Taylor Swift pulls her catalogue from Spotify

As her new album (1989) looks like it will rocket past 1m sales in its opening week in the US, Taylor Swift has pulled her entire catalogue from Spotify. This is not, as has been the case with her previous albums, a windowing exercise (like other partial holdouts such as Adele and Coldplay) with a long-term view to going onto streaming services when every potential sale has been wrung out of CDs and downloads.Her music has gone.Spotify has reacted in a somewhat twee manner by making a post-ironic SAD FACE playlist, called “Come back, Taylor!”, that uses the song titles of artists still on the service to spell out the fact that she will be missed. They back up her popularity on the service in less cloying terms by pointing out that 16m of their 40m users have played Swift’s music in the past month and her tracks appear on 19m playlists.”We hope she’ll change her mind and join us in building a new music economy that works for everyone,” runs the official Spotify statement.

It is arguable that windowing was an experiment by Swift and she (and her team) looked at the data and decided to call it a day – but at least gave it a go, meaning their decision was an informed one.

Music Ally has looked at plays of Swift’s last album, Red, on Spotify – itself windowed for a while. Collectively all tracks on that album were played over 264m times since they have been live on Spotify. Those are pretty good numbers; but compare that to, for example,  tracks from Ed Sheeran’s X album – which have been played well over 500m times – and this might be a factor in Swift and Big Machine’s decision. Maybe they don’t think, in the grand scheme of things, it’s worth it to be on Spotify – or any streaming service. Or, and here’s another argument, unless you are prepared to promote on Spotify, as Sheeran has done and Swift hasn’t, just as you would on iTunes or (in the old days) the high street record stores, then you are not going to – at the top end – see impressive results.

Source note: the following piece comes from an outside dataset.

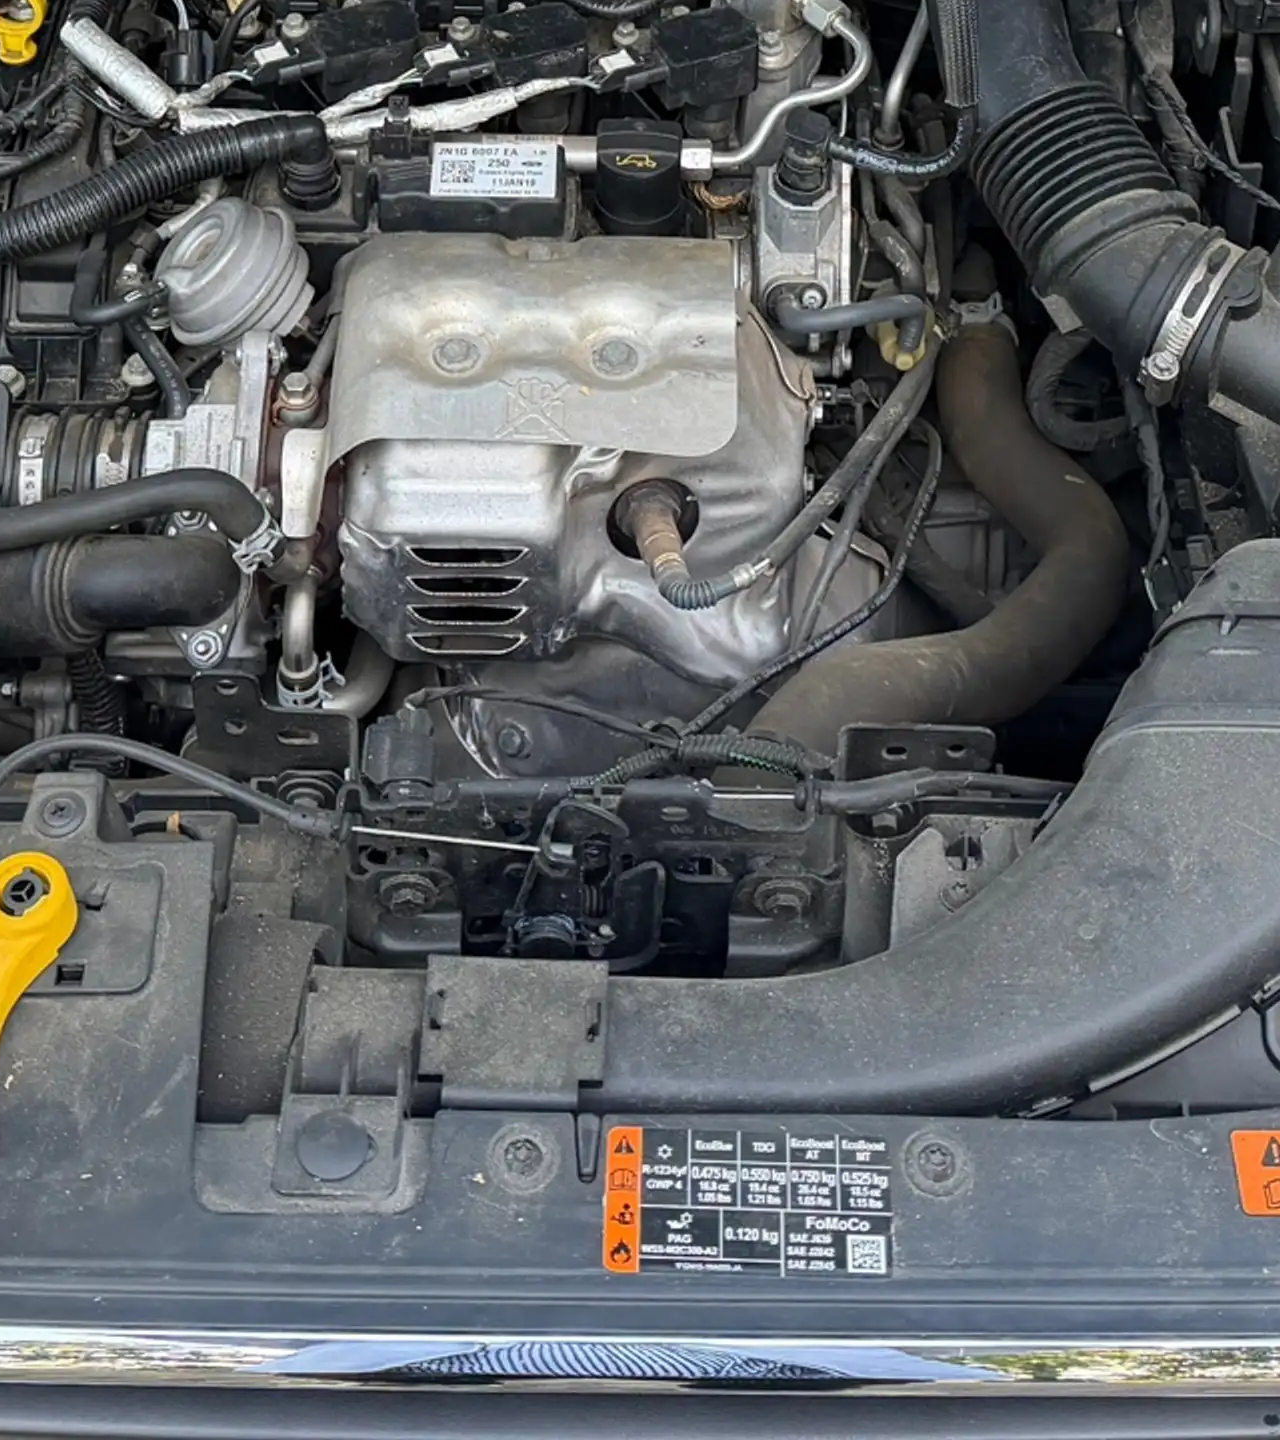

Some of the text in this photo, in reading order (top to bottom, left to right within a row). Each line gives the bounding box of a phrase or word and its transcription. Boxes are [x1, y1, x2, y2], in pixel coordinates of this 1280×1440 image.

Swift is far from the only artist that has had a difficult relationship with Spotify in particular and streaming in general. Paul McCartney and Bob Dylan were on Spotify, then pulled their catalogues but then returned. Others like the Eagles, Led Zeppelin, Pink Floyd and Metallica took their time to license, but some of them did so on exclusive terms (with at least one of them believed to have negotiated an equity stake in Spotify in exchange for letting their music go on there). We wonder if Swift and her team had considered or investigated something like this but still came to the conclusion to go. Or, and this is one for the conspiracy theorists, they asked for this but were turned down.

Amid the inevitable “never, ever getting back together” punning headlines, there will be a revisiting of the old Thom Yorke spat from last year (and his nose-pinching “last desperate fart of a dying corpse” quote). Here is the biggest pop star in the world saying that she gave streaming a go and decided that it wasn’t for her. Yorke might have made the most noise here about how he opposed the model but, frankly, his solo albums fly, unlistened and unheeded, over the heads of the mainstream consumer. Yet Swift is at the absolute beating heart of the mainstream – that same mainstream that Spotify must court if it is to reach the sort of scale that means its numbers start to properly add up.

Losing Thom Yorke from Spotify was not, if we’re honest, a big blow to the service. Losing Taylor Swift, however, looks like a serious set back just at the time when it looked like it finally had everything moving in the same direction.